◆ Problem statement ◆
Pictures aside, can you reproduce the records word for word?

◆ Dataset records ◆
::::::
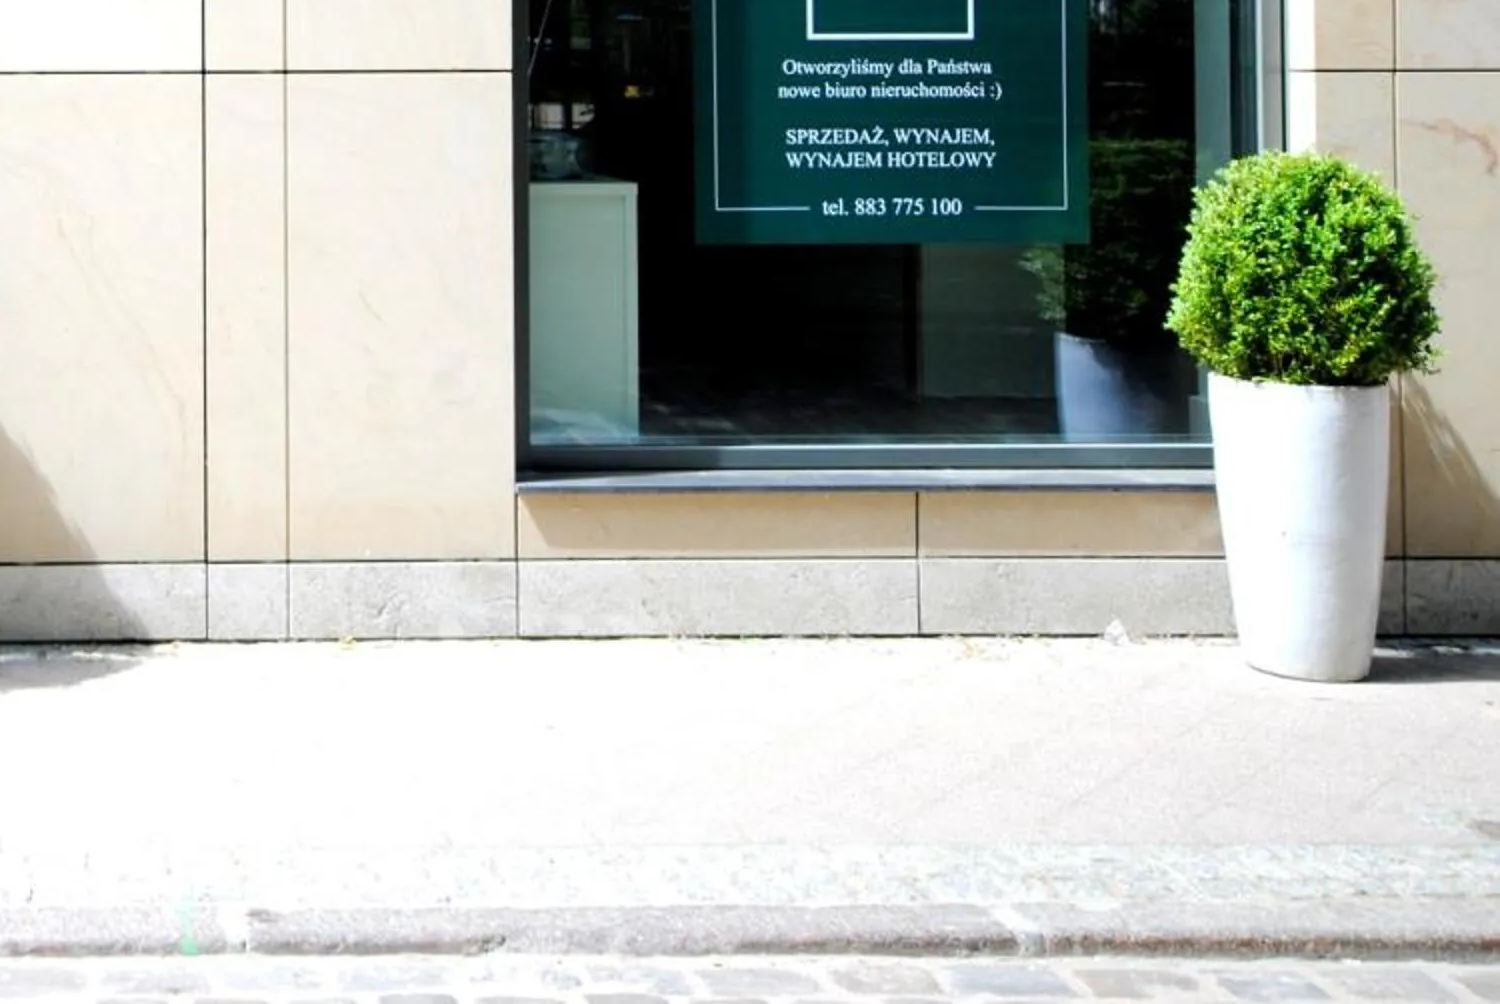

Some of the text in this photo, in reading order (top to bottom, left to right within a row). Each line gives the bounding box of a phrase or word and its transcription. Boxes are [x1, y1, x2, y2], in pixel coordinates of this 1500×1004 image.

[781, 58, 992, 79] Otworzyliśmy dla Państwa
[777, 85, 821, 99] nowe
[824, 81, 867, 99] biuro
[870, 81, 985, 98] nieruchomości
[785, 125, 995, 147] SPRZEDAŻ, WYNAJEM,
[785, 151, 997, 169] WYNAJEM HOTELOWY
[821, 197, 963, 216] tel. 883 775 100
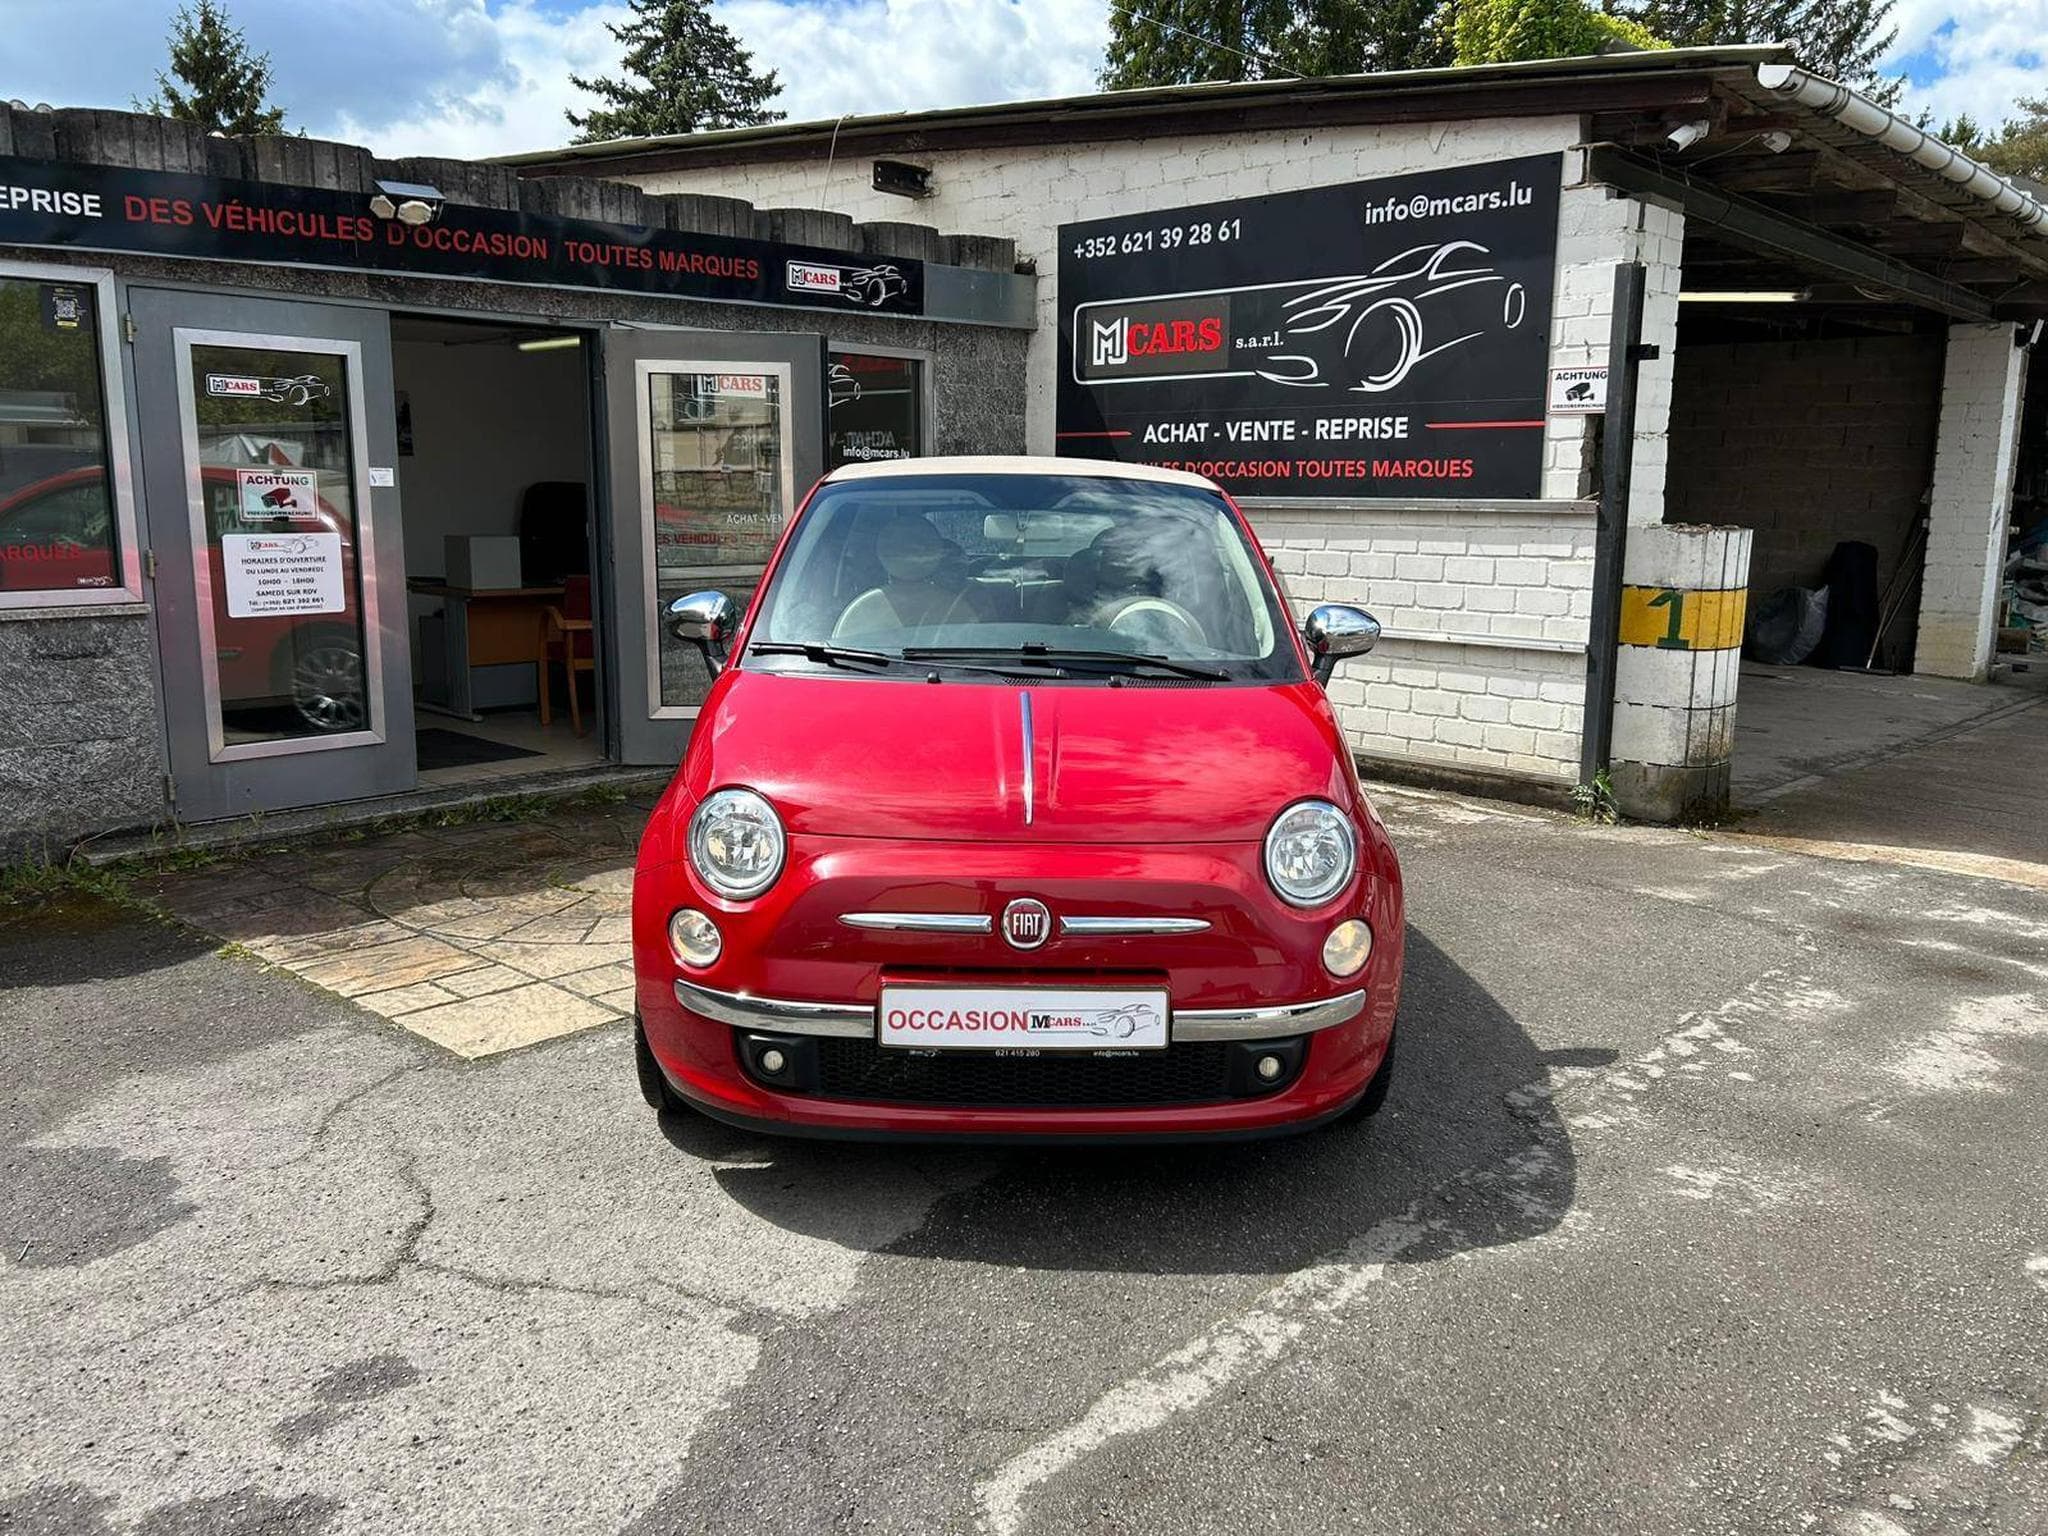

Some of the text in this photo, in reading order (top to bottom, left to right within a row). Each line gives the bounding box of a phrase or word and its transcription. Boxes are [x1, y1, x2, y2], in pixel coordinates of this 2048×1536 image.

[1364, 181, 1533, 226] info@mcars.lu
[124, 195, 195, 226] DES
[200, 200, 374, 242] VÉHICULES
[386, 223, 547, 260] D'OCCASION
[565, 240, 653, 270] TOUTES
[659, 250, 760, 280] MARQUES
[1073, 218, 1242, 260] +352 621 39 28 61
[1235, 331, 1285, 349] s.a.r.l.
[1555, 370, 1608, 381] ACHTUNG
[1142, 422, 1209, 444] ACHAT
[1225, 420, 1296, 442] VENTE
[1315, 416, 1409, 441] REPRISE
[842, 445, 910, 460] info@mcars.lu
[1185, 459, 1291, 479] D'OCCASION
[1296, 459, 1366, 479] TOUTES
[1372, 458, 1474, 479] MARQUES
[246, 475, 309, 485] ACHTUNG
[727, 513, 758, 524] ACHAT
[1647, 591, 1690, 650] 1
[1013, 913, 1041, 936] FIAT
[888, 1010, 1028, 1032] OCCASION
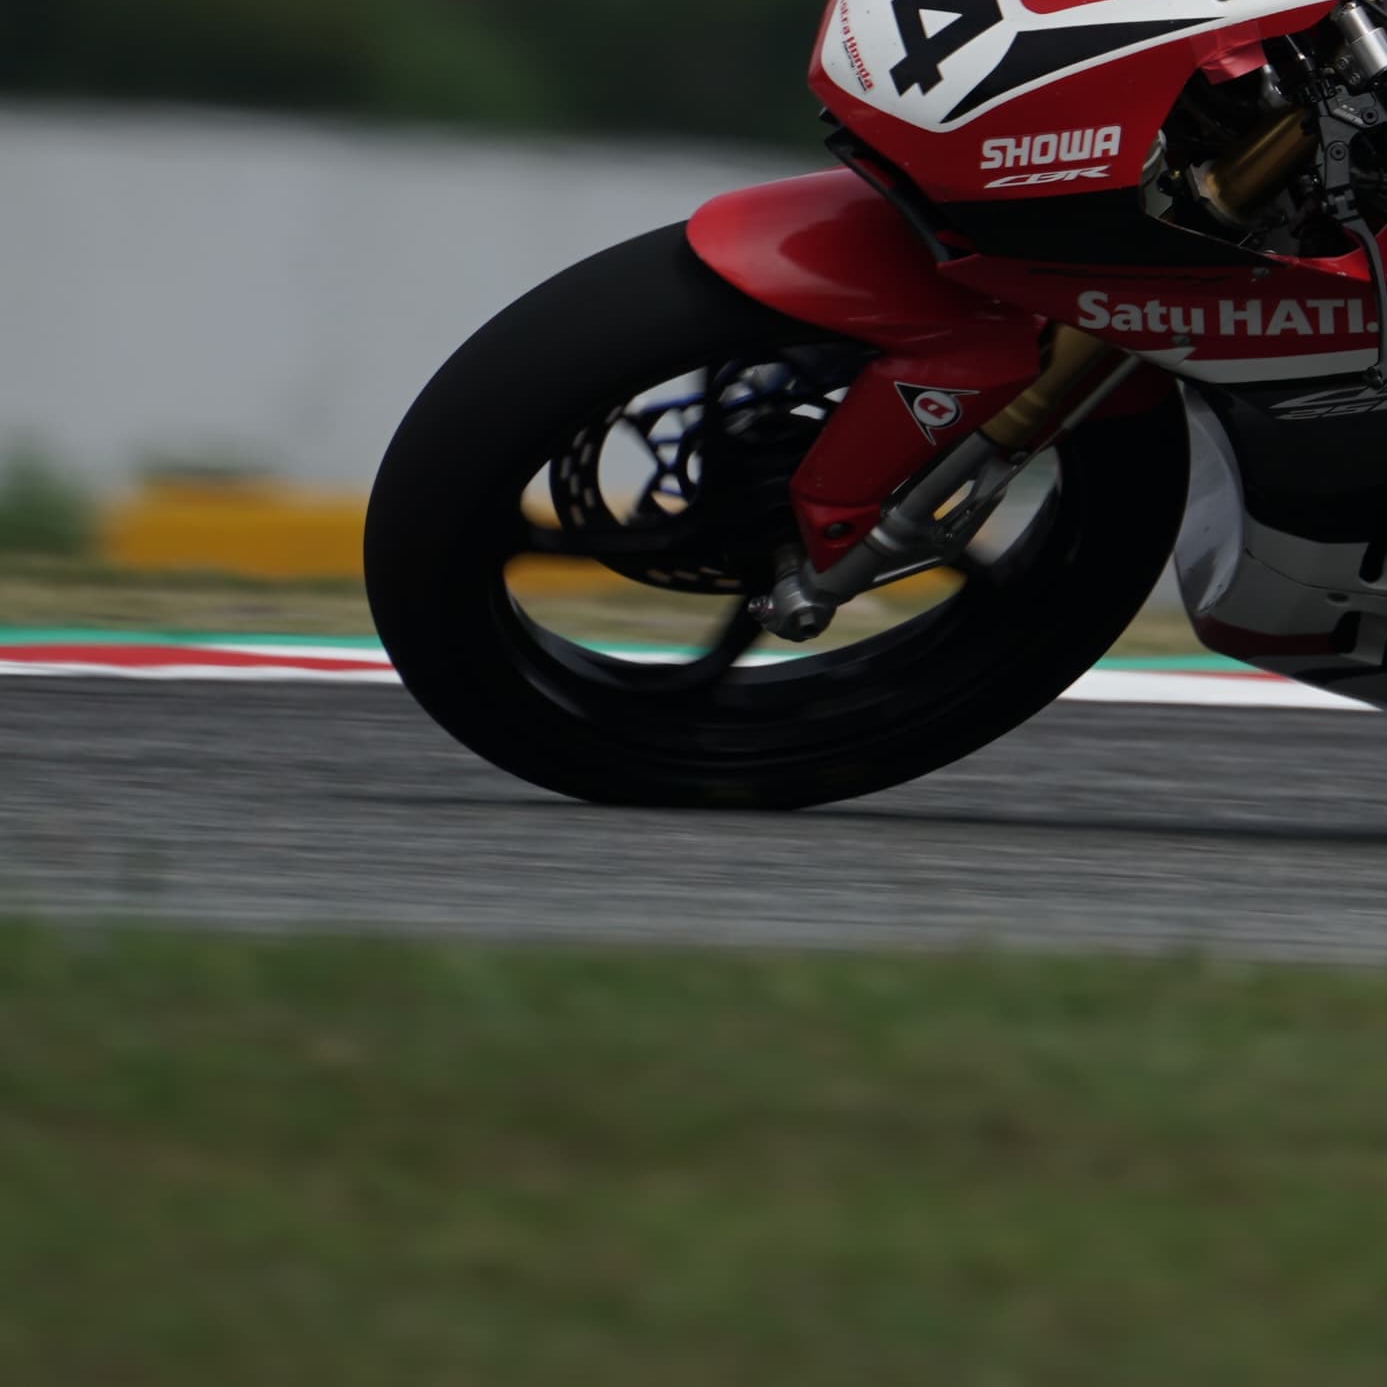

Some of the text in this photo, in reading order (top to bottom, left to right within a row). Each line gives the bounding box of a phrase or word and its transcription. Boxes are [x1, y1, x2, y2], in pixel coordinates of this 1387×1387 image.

[847, 37, 875, 89] Honda
[980, 125, 1121, 170] SHOWA
[983, 164, 1111, 190] CBR
[1077, 290, 1380, 337] Satu HATI.
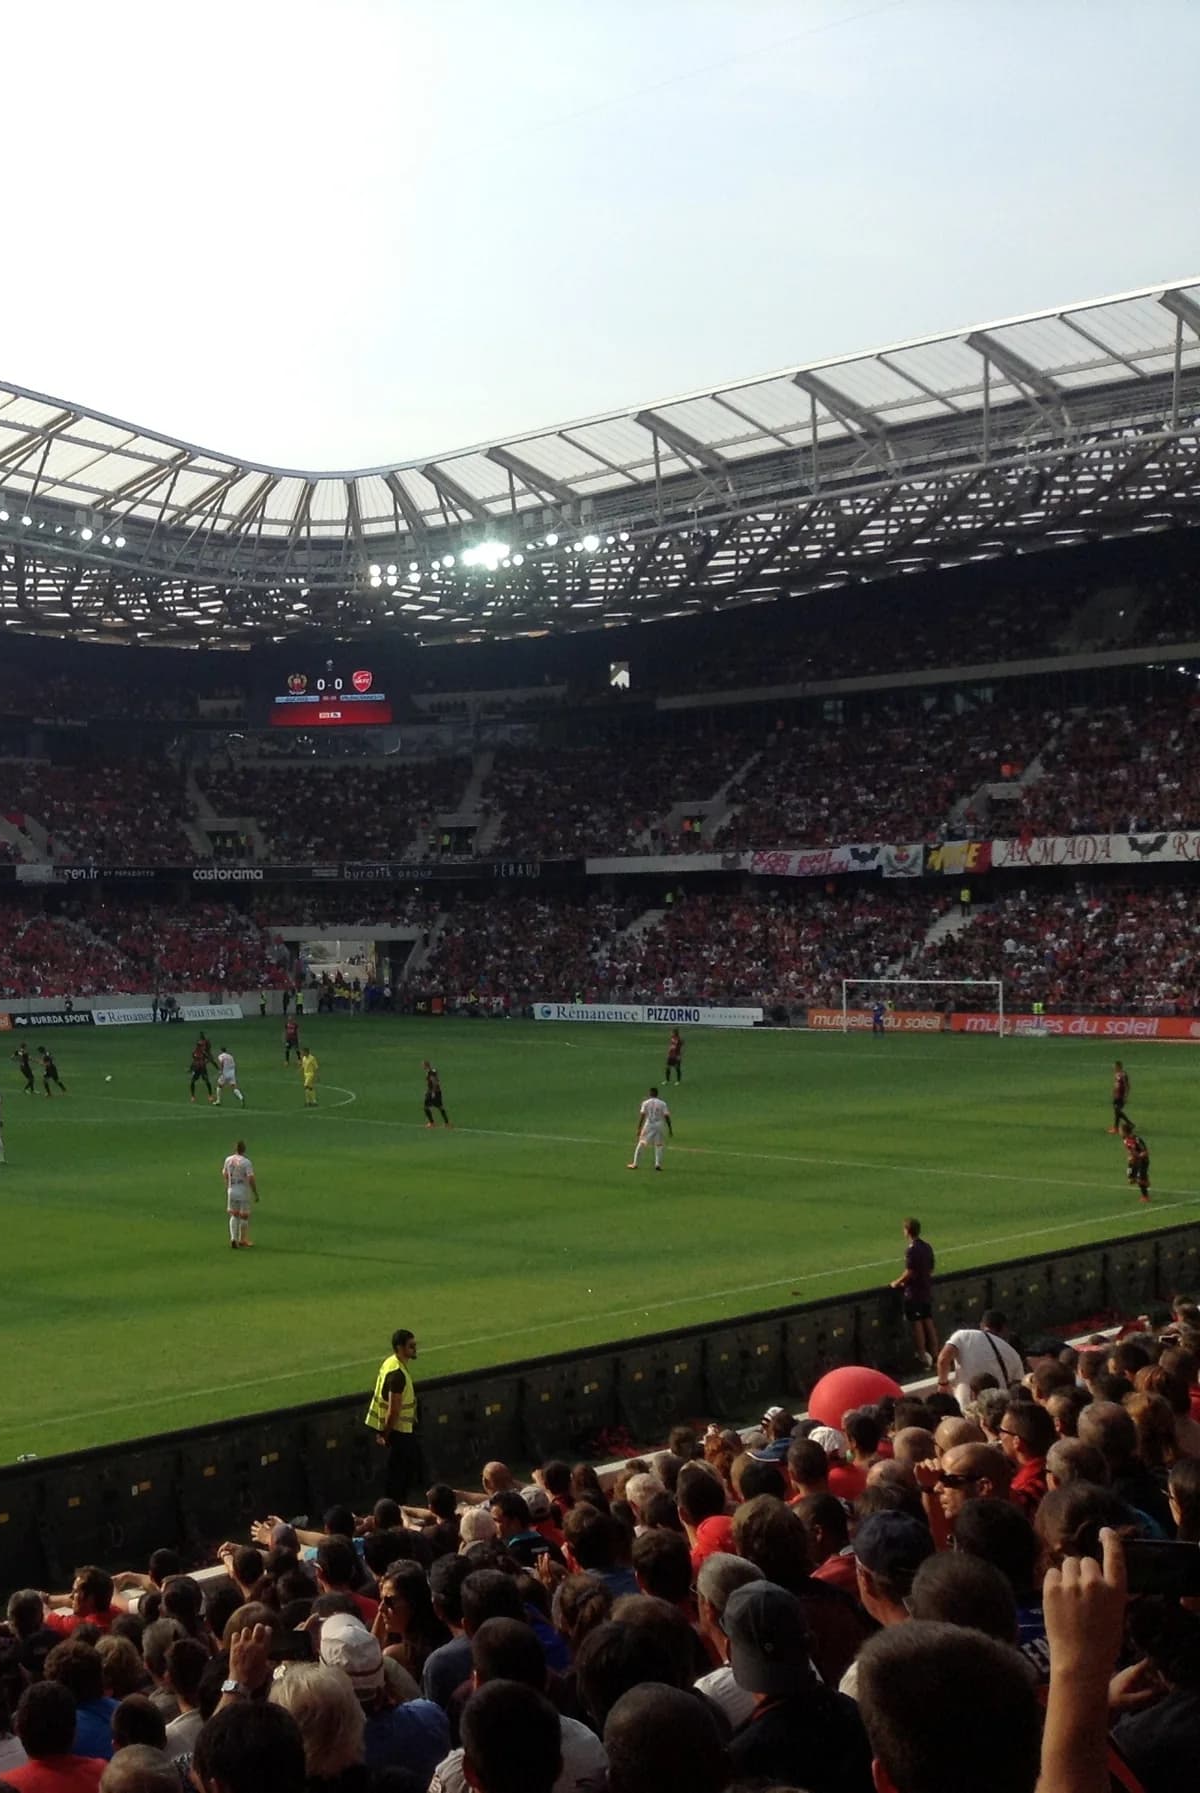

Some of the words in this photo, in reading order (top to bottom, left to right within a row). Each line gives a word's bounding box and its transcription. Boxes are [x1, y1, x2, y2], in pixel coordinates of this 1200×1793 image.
::::::
◆ The answer ◆
Some of the text in this photo, in reading order (top to bottom, left to right within a row). Each line gives the bounding box of a phrase or word and its transcription. Boxes are [x1, y1, x2, y2], in pixel coordinates of this 1500×1004 image.

[781, 58, 992, 79] Otworzyliśmy dla Państwa
[777, 85, 821, 99] nowe
[824, 81, 867, 99] biuro
[870, 81, 985, 98] nieruchomości
[785, 125, 995, 147] SPRZEDAŻ, WYNAJEM,
[785, 151, 997, 169] WYNAJEM HOTELOWY
[821, 197, 963, 216] tel. 883 775 100

Some of the text in this photo, in reading order (top to bottom, left to right within a row). Each line gives the bounding box of a phrase or word and its transcription. Boxes are [x1, y1, x2, y2], in pixel coordinates of this 2048×1536 image.

[1364, 181, 1533, 226] info@mcars.lu
[124, 195, 195, 226] DES
[200, 200, 374, 242] VÉHICULES
[386, 223, 547, 260] D'OCCASION
[565, 240, 653, 270] TOUTES
[659, 250, 760, 280] MARQUES
[1073, 218, 1242, 260] +352 621 39 28 61
[1235, 331, 1285, 349] s.a.r.l.
[1555, 370, 1608, 381] ACHTUNG
[1142, 422, 1209, 444] ACHAT
[1225, 420, 1296, 442] VENTE
[1315, 416, 1409, 441] REPRISE
[842, 445, 910, 460] info@mcars.lu
[1185, 459, 1291, 479] D'OCCASION
[1296, 459, 1366, 479] TOUTES
[1372, 458, 1474, 479] MARQUES
[246, 475, 309, 485] ACHTUNG
[727, 513, 758, 524] ACHAT
[1647, 591, 1690, 650] 1
[1013, 913, 1041, 936] FIAT
[888, 1010, 1028, 1032] OCCASION

Some of the text in this photo, in reading order (top to bottom, left to right within a row). Each line gives the bounding box of a phrase or word and its transcription. Boxes are [x1, y1, x2, y2], in pixel coordinates of this 1387×1387 image.

[847, 37, 875, 89] Honda
[980, 125, 1121, 170] SHOWA
[983, 164, 1111, 190] CBR
[1077, 290, 1380, 337] Satu HATI.

Some of the words in this photo, in reading order (top to bottom, left to right within a row). Each line gives a word's bounding box and its transcription. Boxes are [x1, y1, x2, y2], in pixel coordinates of this 1200×1793 image.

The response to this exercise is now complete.